From bathtubs and greenhouses to heat-trapping blankets and more, our planet’s atmosphere has had its fair share of comparisons—each with its own set of analogous water-draining, faucet-closing, window-opening solutions.

In more direct terms for this once-upon-a-time engineering graduate: to return atmospheric carbon levels (currently 420 parts per million (ppm)) to pre-industrial levels (280 ppm), humanity will need to not only stop emitting greenhouse gasses, but also to increase the amount of carbon dioxide (CO2) that is removed from the atmosphere. 

What is carbon removal and how is it different from carbon avoidance? 

Carbon removal is the act, whether through engineered or natural methods, of removing  CO2 from the atmosphere.

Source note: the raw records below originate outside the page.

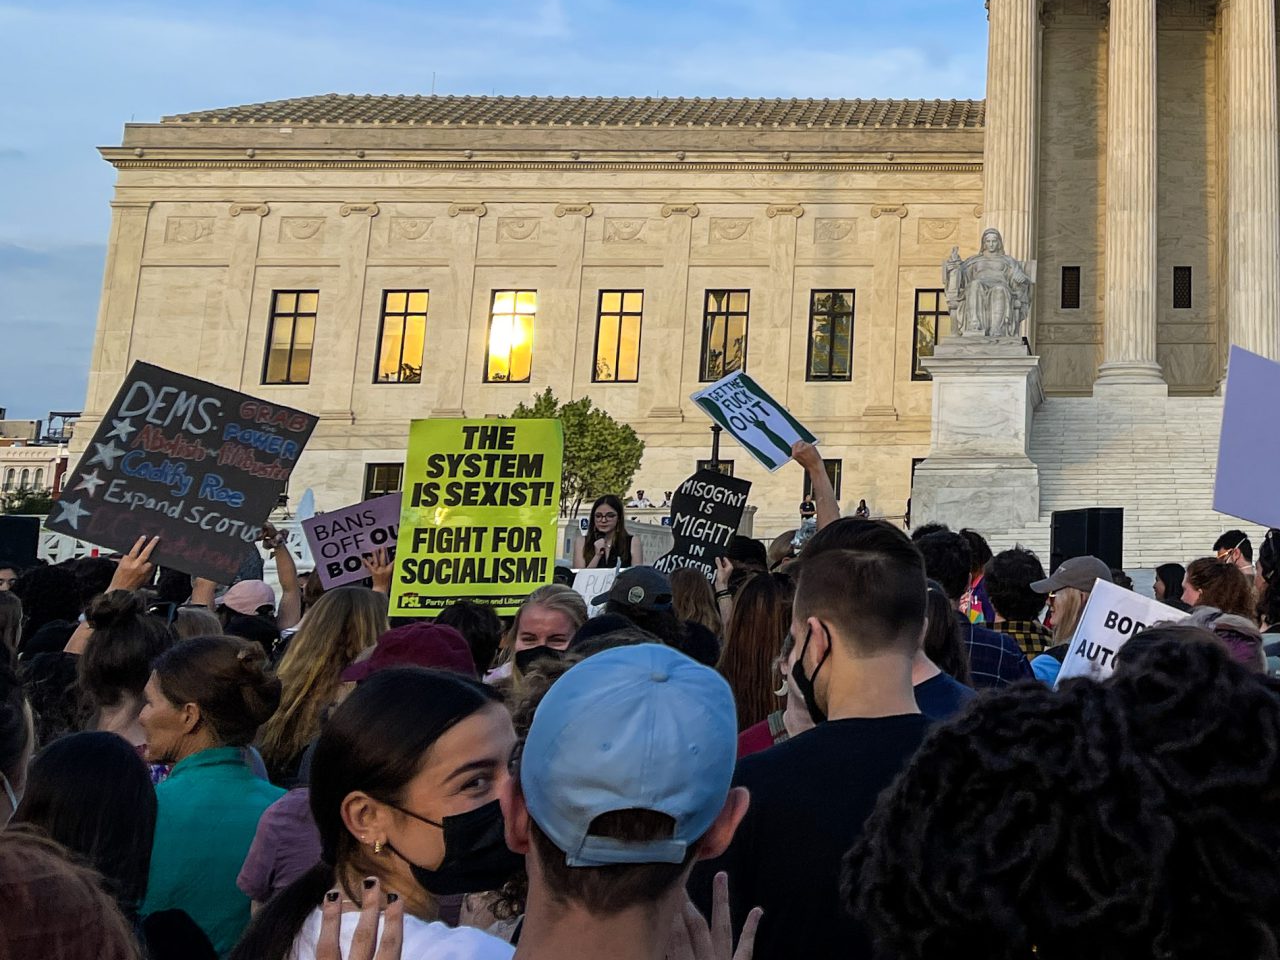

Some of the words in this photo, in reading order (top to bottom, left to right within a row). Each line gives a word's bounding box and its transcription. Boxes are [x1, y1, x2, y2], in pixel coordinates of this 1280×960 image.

[708, 384, 727, 401] GET
[725, 377, 744, 392] THE
[721, 390, 754, 413] FUCK
[117, 380, 224, 435] DEMS:
[239, 401, 309, 433] GRAB
[729, 401, 771, 431] OUT
[223, 422, 299, 460] POWER
[462, 426, 516, 450] THE
[426, 453, 544, 479] SYSTEM
[199, 473, 245, 507] Roe
[410, 482, 440, 507] IS
[444, 481, 555, 507] SEXIST!
[681, 479, 747, 508] MISOGYNY
[103, 478, 184, 519] Expand
[184, 506, 262, 543] SCOTUS
[699, 500, 714, 514] IS
[313, 510, 377, 541] BANS
[672, 512, 736, 547] MIGHTY
[321, 532, 365, 559] OFF
[370, 523, 400, 545] OU
[411, 527, 487, 554] FIGHT
[492, 526, 543, 553] FOR
[688, 544, 705, 557] IN
[401, 557, 548, 584] SOCIALISM!
[401, 596, 421, 608] PSL
[425, 599, 445, 607] Party
[1104, 610, 1147, 635] BOD

Some use the term ‘carbon removal’ to refer to only long-lived carbon storage solutions. But for the purposes of this discussion, we will be referring to carbon removal as the act of removing CO2 from the atmosphere. 

While seemingly straightforward, it’s often confused with other climate solution mechanisms like carbon avoidance, which circumvent greenhouse gas emissions through an alternative activity, such as the use of solar over coal-powered electricity. Avoidance is also sometimes referred to as emissions reductions, which does not mean actively reducing carbon in the air, but rather reducing the amount of new emissions created. 

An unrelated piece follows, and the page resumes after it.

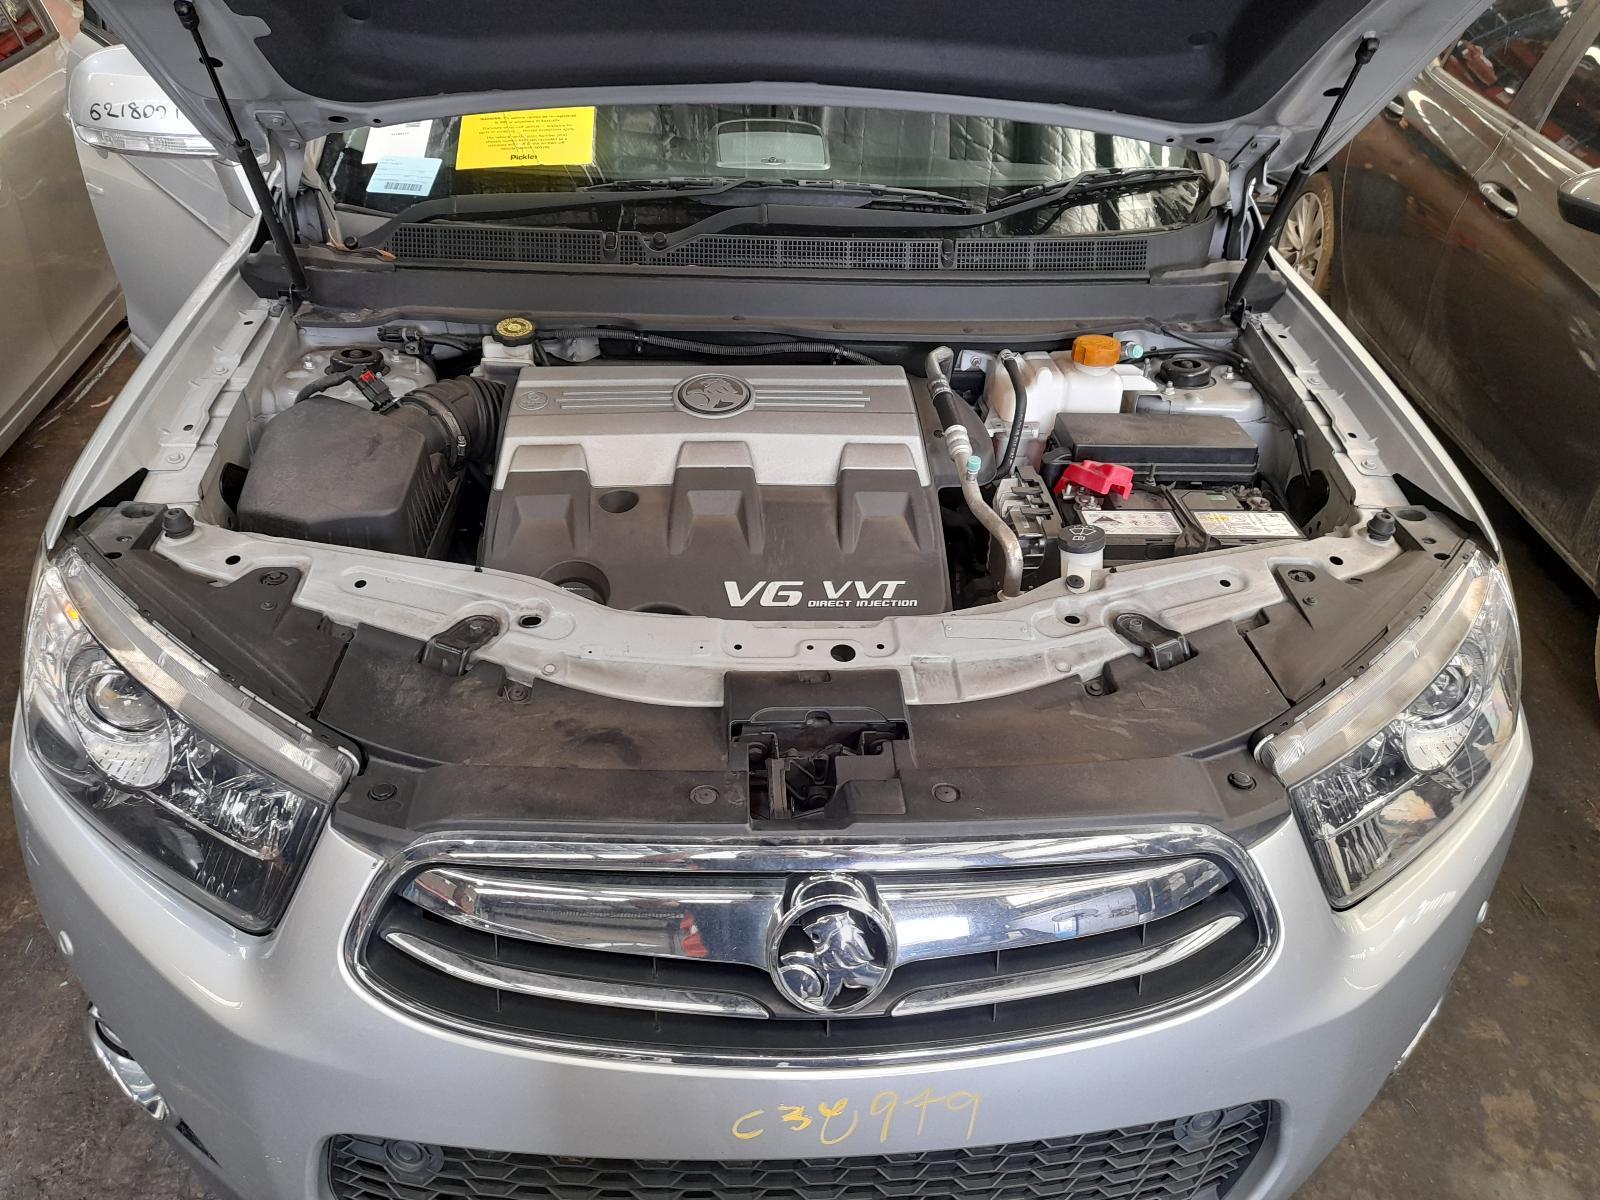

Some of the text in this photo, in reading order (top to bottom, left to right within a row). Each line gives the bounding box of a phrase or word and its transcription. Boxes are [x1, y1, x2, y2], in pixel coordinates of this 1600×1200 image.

[724, 580, 907, 607] V6 VVT
[808, 599, 918, 608] DIRECT INJECTION

Patch finds the Oxford Principles to be a helpful guide for differentiating between avoidance and removal carbon credits. Under their definitions, emission avoidance and reduction credits are created by replacing fossil-fuel energy sources with renewable sources, as well as by capturing CO2 at the source (think carbon capture at a gas power station). Avoiding damage to ecosystems is also considered avoidance. Carbon removal credits, on the other hand, are defined as those generated by projects “that scrub carbon dioxide directly from the atmosphere.”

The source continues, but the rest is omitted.